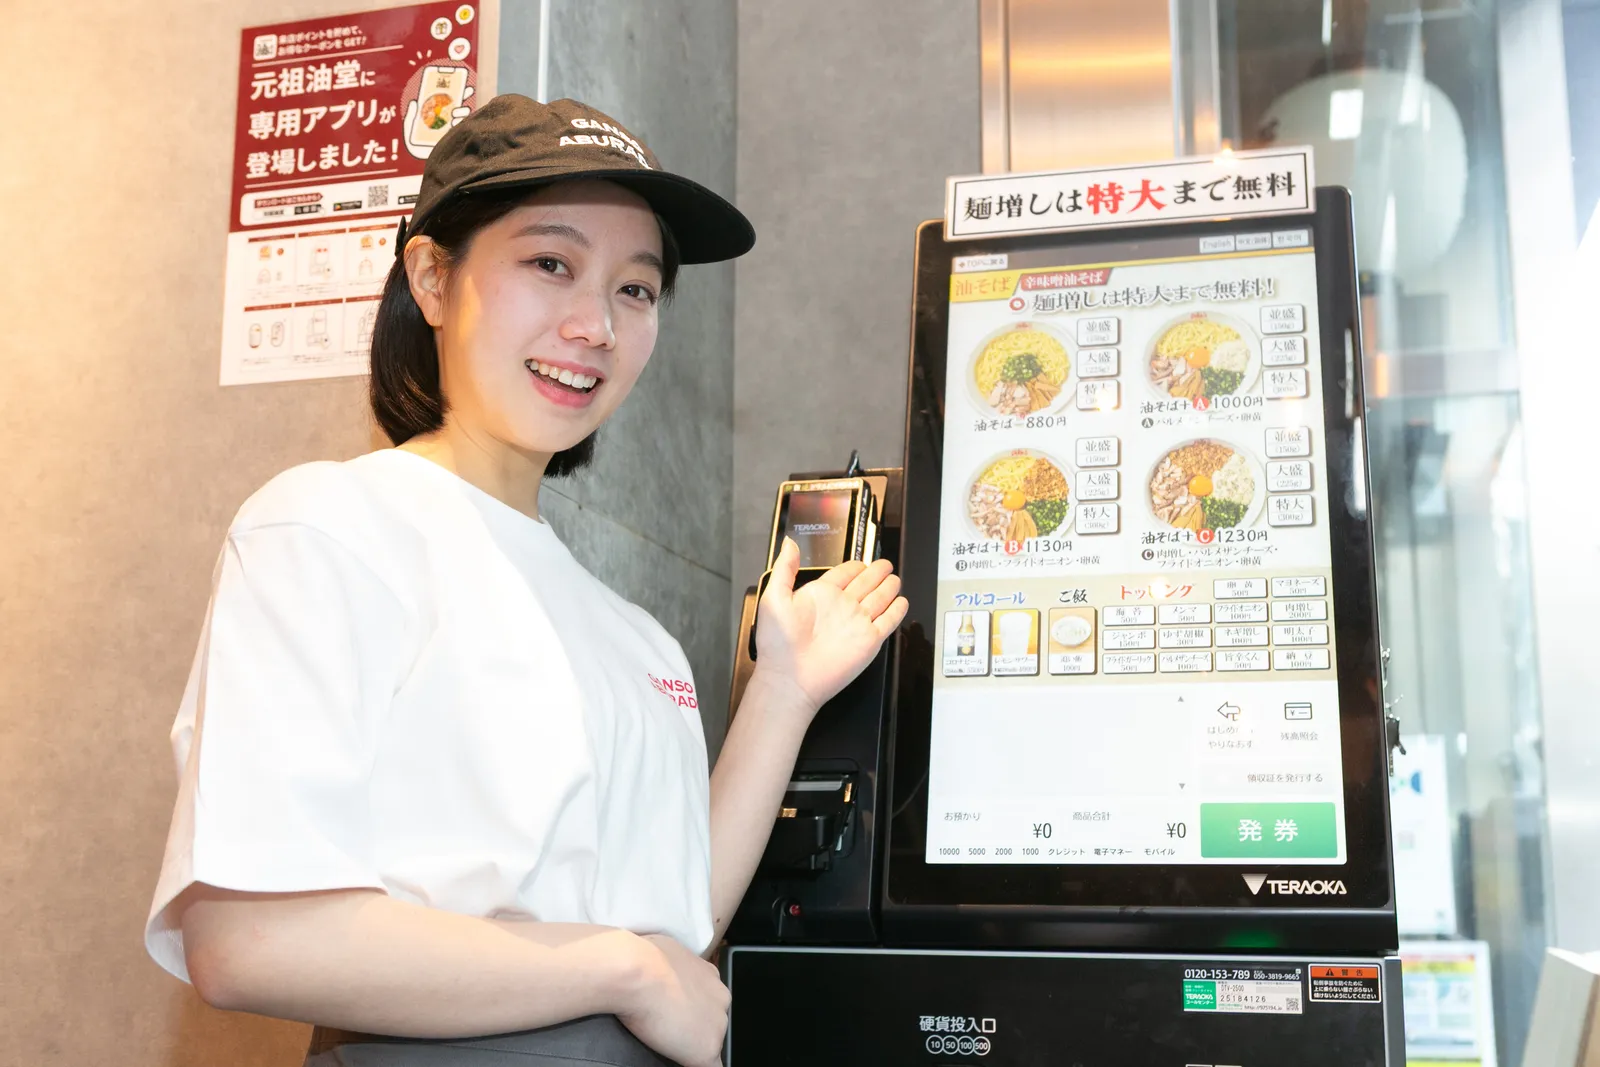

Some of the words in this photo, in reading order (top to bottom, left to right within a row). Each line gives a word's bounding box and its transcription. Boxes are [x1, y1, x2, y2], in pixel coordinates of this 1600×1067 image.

[343, 36, 367, 47] GET!
[250, 59, 376, 101] 元祖油堂に
[248, 99, 397, 140] 専用アプリが
[963, 171, 1296, 221] 麺増しは特大まで無料
[1203, 238, 1231, 249] English
[1025, 271, 1105, 289] 辛味噌油そば
[955, 277, 1011, 296] 油そば
[1270, 308, 1296, 320] 並盛
[1085, 320, 1111, 332] 並盛
[1272, 338, 1297, 351] 大盛
[1086, 352, 1111, 364] 大盛
[1271, 371, 1298, 384] 特大
[1085, 440, 1111, 452] 並盛
[1277, 464, 1303, 476] 大盛
[1086, 472, 1111, 485] 大盛
[1276, 498, 1304, 511] 特大
[1083, 506, 1111, 519] 特大
[793, 523, 831, 533] TERAOKA
[1217, 529, 1268, 543] 1230円
[1026, 539, 1073, 552] 1130円
[1276, 578, 1320, 587] マヨネーズ
[955, 591, 1027, 607] アルコール
[1059, 589, 1088, 604] ご飯
[1173, 606, 1197, 614] メンマ
[1285, 602, 1314, 611] 肉増し
[1224, 627, 1260, 636] ネギ増し
[1284, 627, 1315, 636] 明太子
[1280, 731, 1319, 741] 残高照会
[1208, 740, 1254, 749] やりなおす
[1247, 773, 1324, 783] 領収証を発行する
[944, 811, 982, 822] お預かり
[1072, 811, 1112, 821] 商品合計
[1032, 822, 1052, 838] ¥0
[1166, 822, 1187, 838] ¥0
[938, 847, 960, 856] 10000
[968, 847, 986, 856] 5000
[994, 847, 1013, 856] 2000
[1021, 847, 1040, 856] 1000
[1048, 847, 1086, 856] クレジット
[1093, 847, 1133, 856] 電子マネー
[1143, 847, 1176, 856] モバイル
[1267, 879, 1348, 895] TERAOKA
[1184, 968, 1251, 979] 0120-153-789
[919, 1015, 997, 1033] 硬貨投入口
[931, 1040, 941, 1049] 10
[945, 1041, 956, 1049] 50
[960, 1041, 972, 1050] 100
[974, 1042, 988, 1050] 500

• What you need to do:
Give back the listing exactly, without a single picture.

• Final answer:
Some of the words in this photo, in reading order (top to bottom, left to right within a row). Each line gives a word's bounding box and its transcription. Boxes are [x1, y1, x2, y2], in pixel coordinates of this 1600×1067 image.

[343, 36, 367, 47] GET!
[250, 59, 376, 101] 元祖油堂に
[248, 99, 397, 140] 専用アプリが
[963, 171, 1296, 221] 麺増しは特大まで無料
[1203, 238, 1231, 249] English
[1025, 271, 1105, 289] 辛味噌油そば
[955, 277, 1011, 296] 油そば
[1270, 308, 1296, 320] 並盛
[1085, 320, 1111, 332] 並盛
[1272, 338, 1297, 351] 大盛
[1086, 352, 1111, 364] 大盛
[1271, 371, 1298, 384] 特大
[1085, 440, 1111, 452] 並盛
[1277, 464, 1303, 476] 大盛
[1086, 472, 1111, 485] 大盛
[1276, 498, 1304, 511] 特大
[1083, 506, 1111, 519] 特大
[793, 523, 831, 533] TERAOKA
[1217, 529, 1268, 543] 1230円
[1026, 539, 1073, 552] 1130円
[1276, 578, 1320, 587] マヨネーズ
[955, 591, 1027, 607] アルコール
[1059, 589, 1088, 604] ご飯
[1173, 606, 1197, 614] メンマ
[1285, 602, 1314, 611] 肉増し
[1224, 627, 1260, 636] ネギ増し
[1284, 627, 1315, 636] 明太子
[1280, 731, 1319, 741] 残高照会
[1208, 740, 1254, 749] やりなおす
[1247, 773, 1324, 783] 領収証を発行する
[944, 811, 982, 822] お預かり
[1072, 811, 1112, 821] 商品合計
[1032, 822, 1052, 838] ¥0
[1166, 822, 1187, 838] ¥0
[938, 847, 960, 856] 10000
[968, 847, 986, 856] 5000
[994, 847, 1013, 856] 2000
[1021, 847, 1040, 856] 1000
[1048, 847, 1086, 856] クレジット
[1093, 847, 1133, 856] 電子マネー
[1143, 847, 1176, 856] モバイル
[1267, 879, 1348, 895] TERAOKA
[1184, 968, 1251, 979] 0120-153-789
[919, 1015, 997, 1033] 硬貨投入口
[931, 1040, 941, 1049] 10
[945, 1041, 956, 1049] 50
[960, 1041, 972, 1050] 100
[974, 1042, 988, 1050] 500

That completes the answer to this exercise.